Russian President Vladimir Putin, speaking at the St.Petersburg International Economic Forum (SPIEF) last Thursday, touched on the development of trade between the Eurasian Economic Union (EAEU) and the European Union (EU). The Eurasian Economic Union comprises, from West to East; Belarus, Russia, Armenia, Kyrgyzstan and Kazakhstan, effectively a trade bloc that sits between the EU and Chinese borders. To competitively trade with Asia, EU countries effectively need to pass through EAEU territory – if not now, then later. We can compare the two blocs in basic terms as follows:

Bloc Land Mass (Sqkm) Population (millions) GDP (US$,PPP) GDP Per Capita (US$,PPP)
EAEU 20,229,556 183 5 Trillion 27,000
EU 4,475,757 513 22 Trillion 36,580

President Putin began by explaining that the idea of a common economic space was nothing new, French President Charles de Galle had proposed a Union extending from Portugal to the Urals in the past. Now, suggestions were to extend that further, to Vladivostok. Where problems arose, he said, was that the EU will not negotiate with the EAEU directly, it prefers to deal with individual countries, which Putin said was inefficient, time-wasting, and ultimately hindered the common technical development aspects of both. As an example, he mentioned snow. The EU and EAEU have different tolerances for measuring the pressure of snow, mainly because Russia has more snow fall than Europe does. agreeing to a common technical standard on snow pressure is an issue that affects agriculture, machinery, and the food supply chain in addition to climate change issues. Russia has a higher standard of measuring this than the EU does, yet agreement, he said on this issue has been extremely slow. That, quite apart from sanctions, has prevented the development of a common Eurasian standard and this is a problem.
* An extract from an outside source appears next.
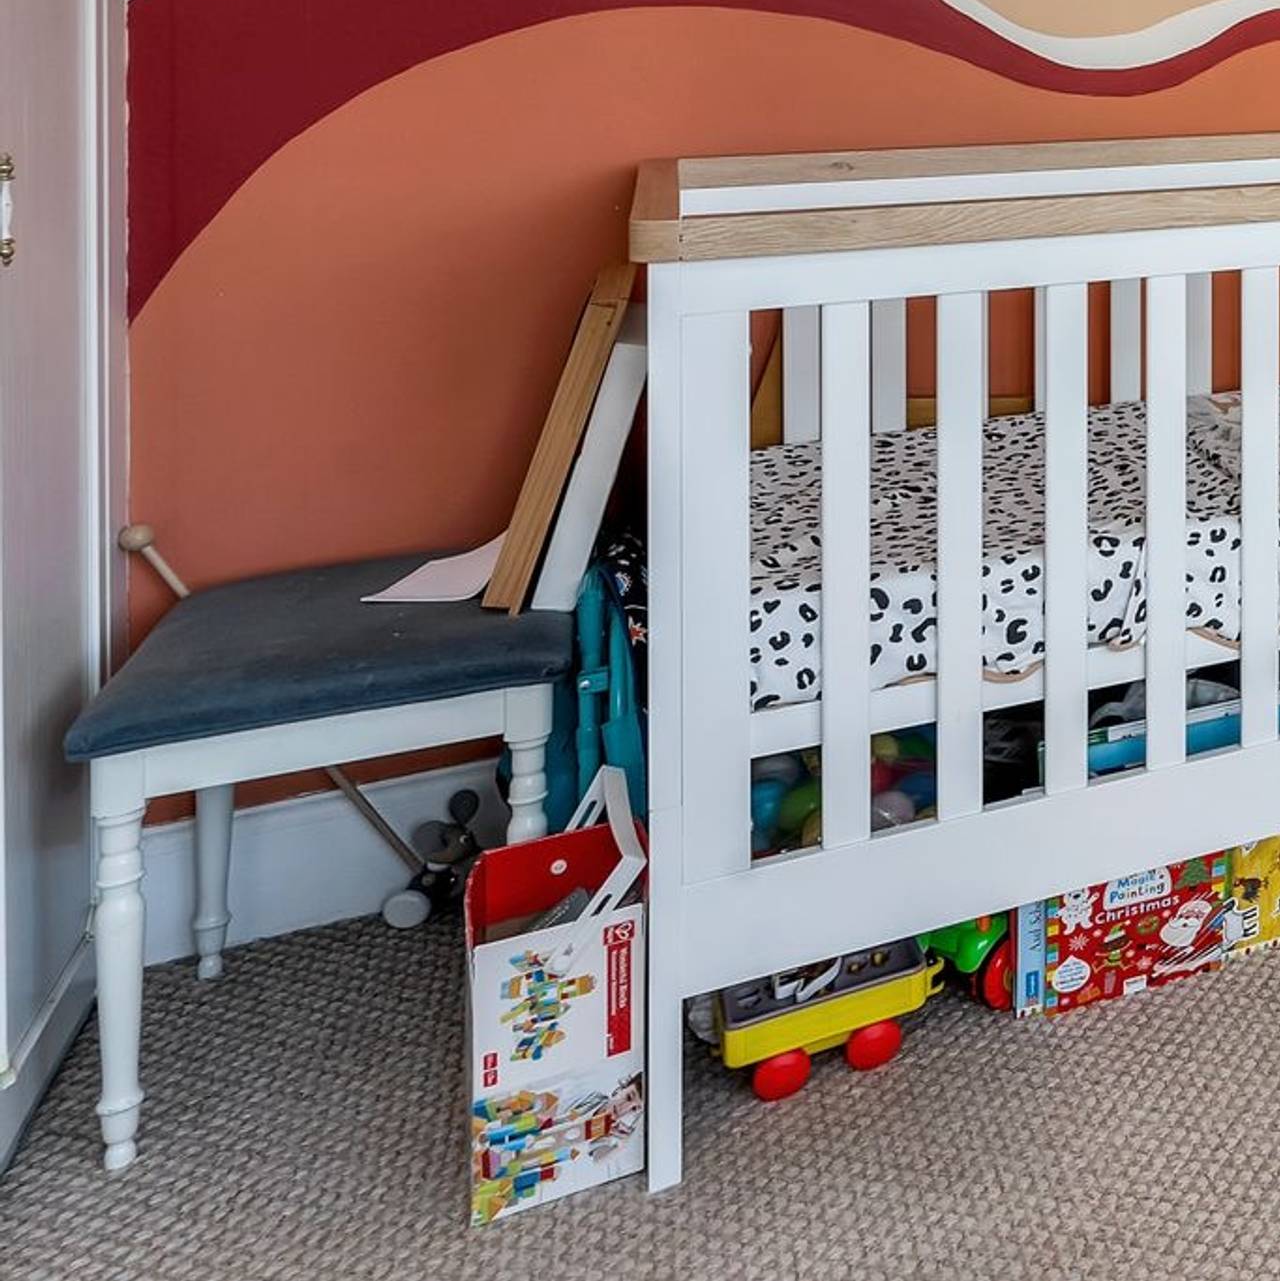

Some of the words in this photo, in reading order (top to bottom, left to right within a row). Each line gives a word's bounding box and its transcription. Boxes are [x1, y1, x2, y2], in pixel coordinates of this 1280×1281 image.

[1117, 871, 1157, 889] Magic
[1109, 882, 1166, 904] Painting
[1095, 895, 1181, 925] Christmas
Mentioning that in many cases, EU standards were higher than those of the EAEU, he said the reverse was also true. Accordingly, technical standards compliance between the two blocs “need re-equipping”. He also touched upon the need for a more sympathetic view from the European Union and that goodwill was needed to overcome natural boundaries. In summing up, President Putin stated that “There is no having to choose between the EU, the EAEU or China’s Belt & Road Initiative. Russia sees these as complimentary and we will assist all of them.”

In my view it will be interesting to see the development of the EU position towards the EAEU, and Russia as its main partner over the next couple of years. Brussels has long been suspicious of Moscow, and the sanctions, imposed since 2014 for the annexation of Crimea are now in their fifth year having just been extended. It should be pointed out that the historical background to Crimea has been Russian for the most part for the past 250 years, (prior to that it was part of the Turkish Ottoman Empire, and prior to that part of the Mongolian Empire) and that Crimea was a pro-Russian part of Ukraine. Moscow maintains it held a referendum of Crimean citizens, who voted to return to Russia. Brussels regards that as illegal and does not recognize it. The death toll when Russia annexed the peninsula was six persons, which tells its own story. The EU needs to decide when punishment has been enough. The current situation is not sustainable.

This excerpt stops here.